Tuesday, August 23, 2011

Six of the Best 182

"As the cuts hit, unemployment rises, and inflation goes up, the expected 30% increase in rail fares over the next three years will see increasing numbers of people priced off the railways, with those at the bottom of the income scale being affected the greatest." Turnip Rail points out that 19th-century governments were careful to protect poorer passengers.

Gaping Void is giving up Facebook and Twitter to concentrate on blogging.

Writing on British Politics and Policy at LSE, Sally Broughton-Micova argues that the government’s plans for local TV puts too much of an onus on stations to provide content for the national networks. Local TV should concentrate on local issues.
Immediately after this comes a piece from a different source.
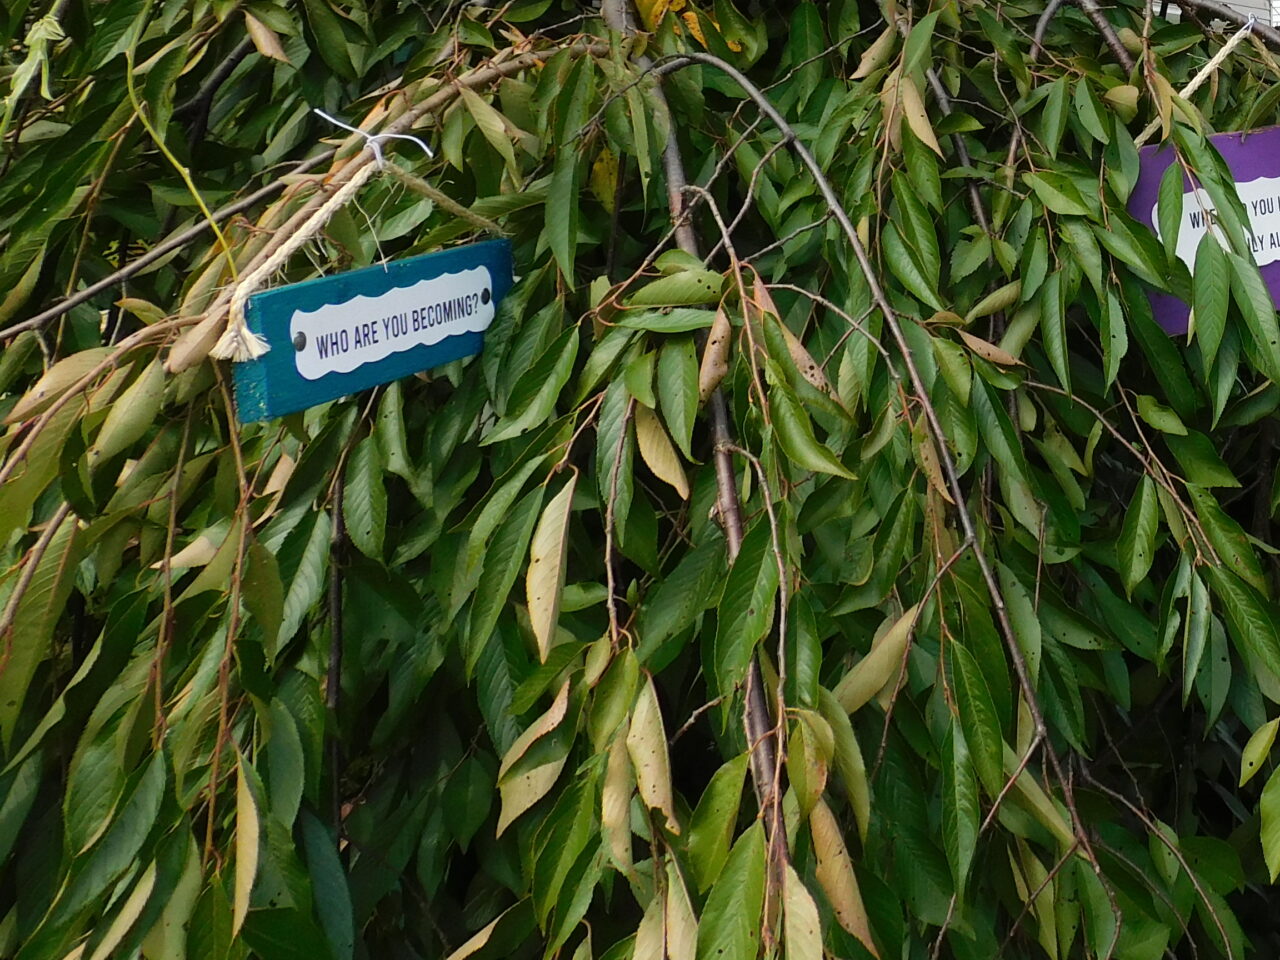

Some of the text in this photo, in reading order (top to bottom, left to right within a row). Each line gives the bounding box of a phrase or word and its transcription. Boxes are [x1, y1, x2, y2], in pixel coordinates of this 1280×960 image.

"Few senior staff, preoccupied with their research grants, now teach first-year students. Tutorial numbers are unmanageably doubled and trebled from a generation ago. The essays are halved in length and number. Meanwhile, overpaid administrators, pumping out the newspeak propaganda of "centres of teaching and learning", have the effrontery to claim that undergraduate education is getting better all the time - yeah. By my reckoning, in contrast, universities do less nowadays than they once did to help translate young minds from suburbia to the stars." Richard Bosworth, writing for Times Higher Education, looks back over a long career in academia.

James Russell looks at the Cerne Abbas Giant, with help from Paul Nash and Eric Ravilious.

Finally, you will need your hanky as A Life in the Day... contemplates saying goodbye to a dog called Thomas.